> [ACTION ITEM]:
Wherever the listing holds a picture, leave it out, and copy the remainder exactly.

::::::::

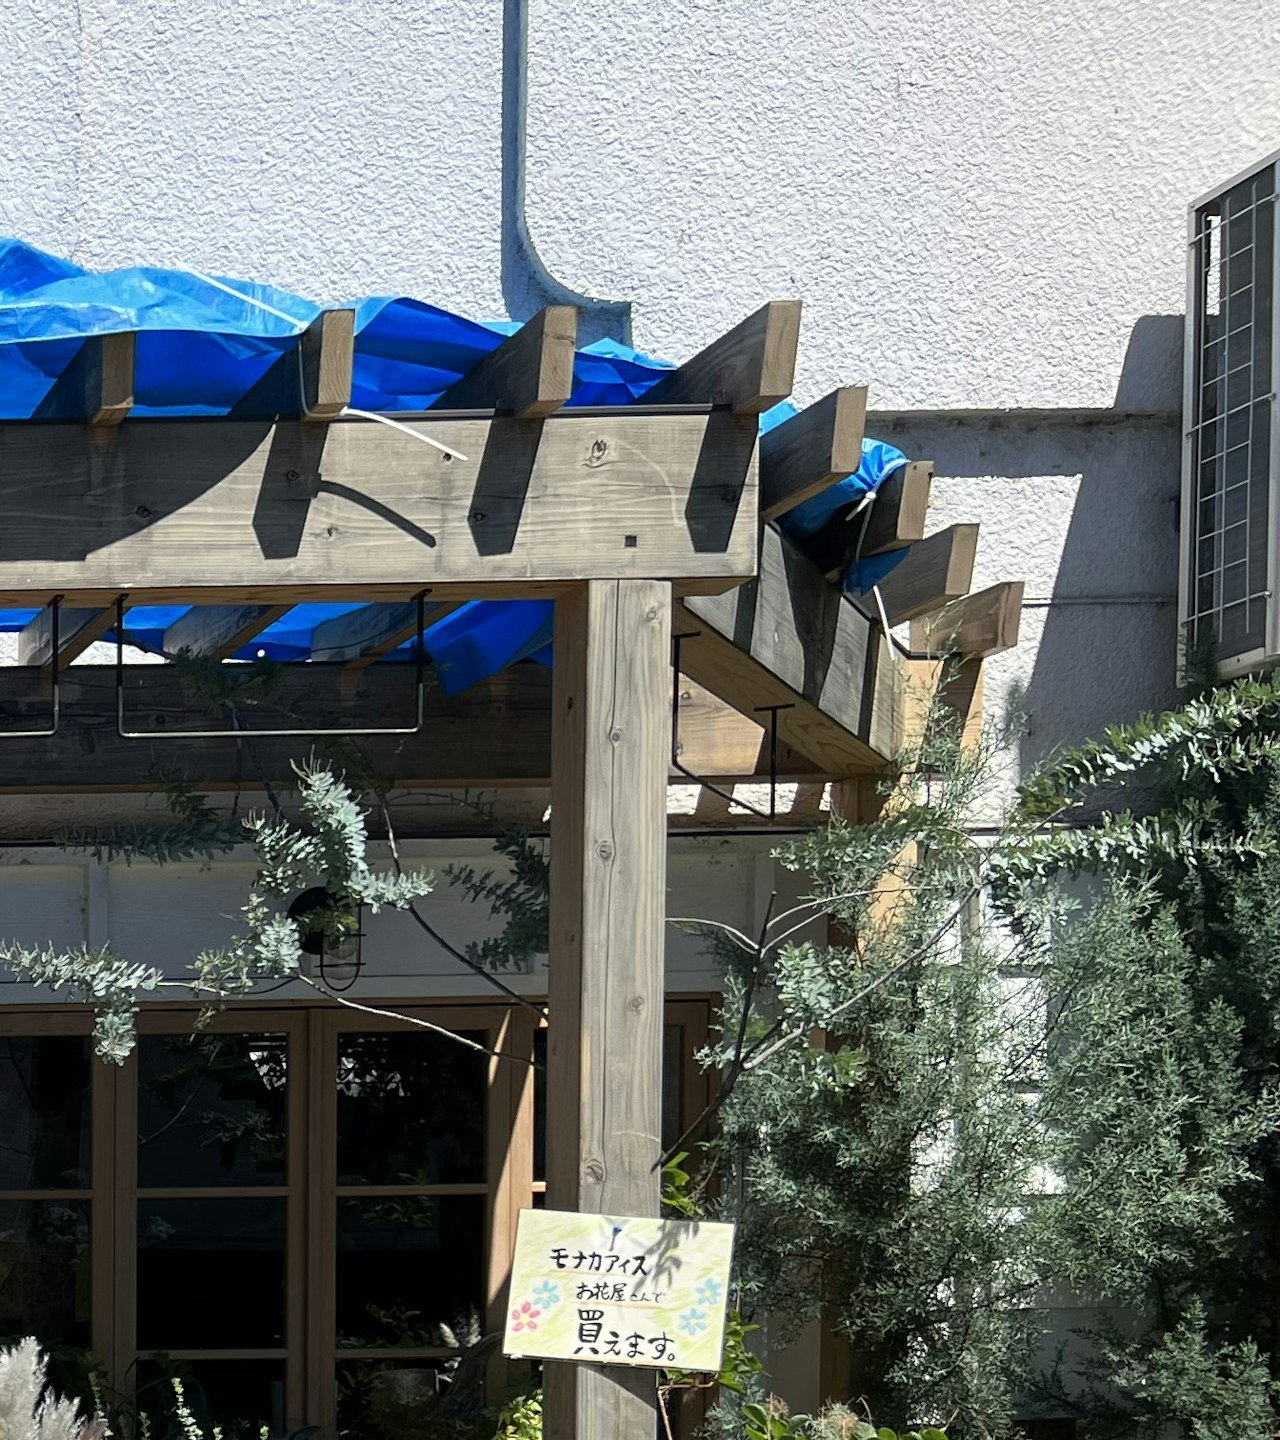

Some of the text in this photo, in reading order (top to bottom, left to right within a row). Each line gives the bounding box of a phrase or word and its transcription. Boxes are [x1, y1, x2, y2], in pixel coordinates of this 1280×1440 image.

[576, 1282, 667, 1304] お花屋さんで
[573, 1308, 676, 1363] 買えます。
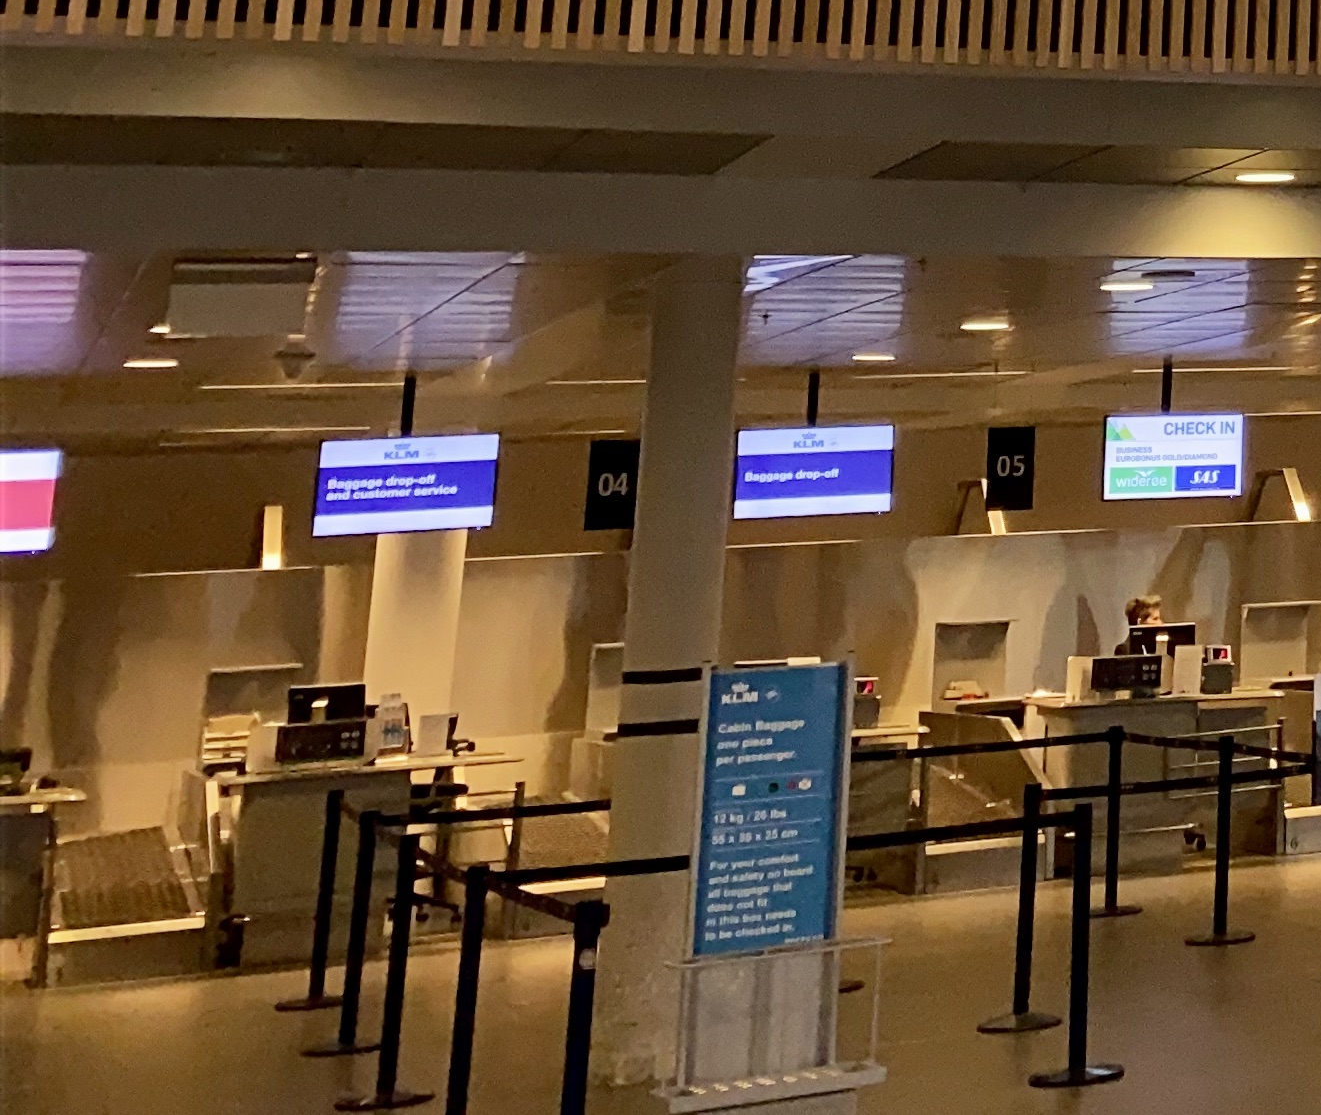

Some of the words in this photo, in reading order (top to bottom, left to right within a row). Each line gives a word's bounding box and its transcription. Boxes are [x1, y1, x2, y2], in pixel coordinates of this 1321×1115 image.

[1164, 422, 1215, 436] CHECK
[1220, 421, 1235, 434] IN
[793, 439, 825, 450] KLM
[384, 450, 419, 460] KLM
[996, 456, 1025, 477] 05
[327, 479, 383, 491] Baggage
[386, 474, 437, 487] drop-off
[744, 469, 794, 484] Baggage
[1190, 470, 1221, 484] SAS
[598, 473, 628, 497] 04
[326, 491, 349, 501] and
[353, 487, 411, 500] customer
[414, 485, 458, 496] service
[722, 691, 758, 704] KLM
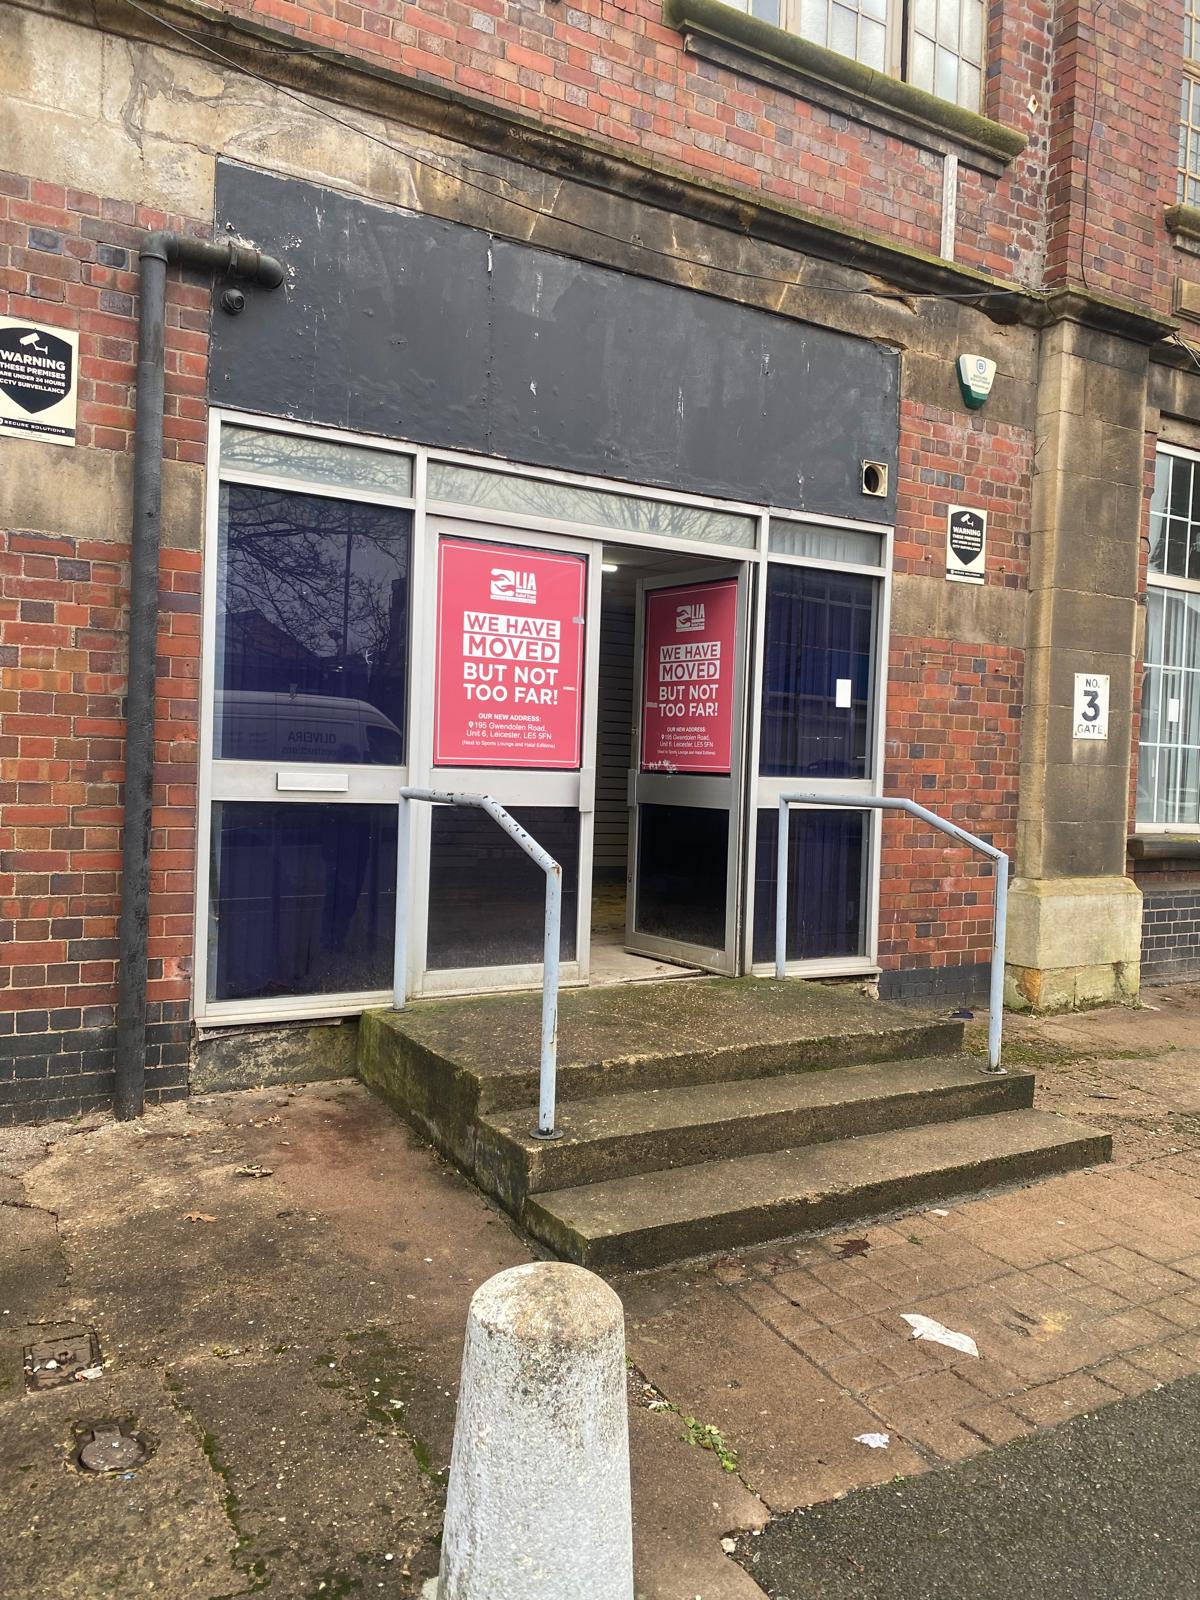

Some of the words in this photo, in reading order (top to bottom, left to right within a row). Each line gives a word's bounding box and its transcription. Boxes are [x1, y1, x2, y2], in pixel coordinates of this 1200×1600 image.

[0, 350, 66, 371] WARNING
[0, 361, 26, 373] THESE
[27, 367, 66, 380] PREMISES
[13, 373, 35, 382] UNDER
[44, 379, 66, 387] HOURS
[17, 381, 65, 395] SURVEILLANCE
[4, 420, 29, 428] SECURE
[30, 424, 66, 434] SOLUTIONS
[953, 526, 981, 537] WARNING
[516, 571, 536, 590] LIA
[690, 604, 705, 619] LIA
[467, 614, 499, 632] WE
[506, 618, 556, 638] HAVE
[469, 635, 556, 661] MOVED
[662, 647, 681, 660] WE
[685, 644, 718, 659] HAVE
[463, 662, 507, 682] BUT
[514, 666, 558, 686] NOT
[662, 662, 717, 680] MOVED
[1085, 678, 1100, 688] NO.
[463, 683, 508, 702] TOO
[514, 687, 558, 705] FAR!
[660, 685, 685, 700] BUT
[689, 684, 719, 700] NOT
[659, 703, 685, 717] TOO
[689, 702, 718, 716] FAR!
[1082, 690, 1100, 722] 3
[478, 712, 492, 720] OUR
[494, 713, 509, 721] NEW
[489, 722, 526, 731] Gwendolen
[1077, 724, 1103, 734] GATE

::::::::

> [ANSWER SECTION]:
Some of the text in this photo, in reading order (top to bottom, left to right within a row). Each line gives the bounding box of a phrase or word and its transcription. Boxes are [x1, y1, x2, y2], in pixel coordinates of this 1280×1440 image.

[576, 1282, 667, 1304] お花屋さんで
[573, 1308, 676, 1363] 買えます。

Some of the words in this photo, in reading order (top to bottom, left to right within a row). Each line gives a word's bounding box and its transcription. Boxes are [x1, y1, x2, y2], in pixel coordinates of this 1321×1115 image.

[1164, 422, 1215, 436] CHECK
[1220, 421, 1235, 434] IN
[793, 439, 825, 450] KLM
[384, 450, 419, 460] KLM
[996, 456, 1025, 477] 05
[327, 479, 383, 491] Baggage
[386, 474, 437, 487] drop-off
[744, 469, 794, 484] Baggage
[1190, 470, 1221, 484] SAS
[598, 473, 628, 497] 04
[326, 491, 349, 501] and
[353, 487, 411, 500] customer
[414, 485, 458, 496] service
[722, 691, 758, 704] KLM

Some of the words in this photo, in reading order (top to bottom, left to right within a row). Each line gives a word's bounding box and its transcription. Boxes are [x1, y1, x2, y2], in pixel coordinates of this 1200×1600 image.

[0, 350, 66, 371] WARNING
[0, 361, 26, 373] THESE
[27, 367, 66, 380] PREMISES
[13, 373, 35, 382] UNDER
[44, 379, 66, 387] HOURS
[17, 381, 65, 395] SURVEILLANCE
[4, 420, 29, 428] SECURE
[30, 424, 66, 434] SOLUTIONS
[953, 526, 981, 537] WARNING
[516, 571, 536, 590] LIA
[690, 604, 705, 619] LIA
[467, 614, 499, 632] WE
[506, 618, 556, 638] HAVE
[469, 635, 556, 661] MOVED
[662, 647, 681, 660] WE
[685, 644, 718, 659] HAVE
[463, 662, 507, 682] BUT
[514, 666, 558, 686] NOT
[662, 662, 717, 680] MOVED
[1085, 678, 1100, 688] NO.
[463, 683, 508, 702] TOO
[514, 687, 558, 705] FAR!
[660, 685, 685, 700] BUT
[689, 684, 719, 700] NOT
[659, 703, 685, 717] TOO
[689, 702, 718, 716] FAR!
[1082, 690, 1100, 722] 3
[478, 712, 492, 720] OUR
[494, 713, 509, 721] NEW
[489, 722, 526, 731] Gwendolen
[1077, 724, 1103, 734] GATE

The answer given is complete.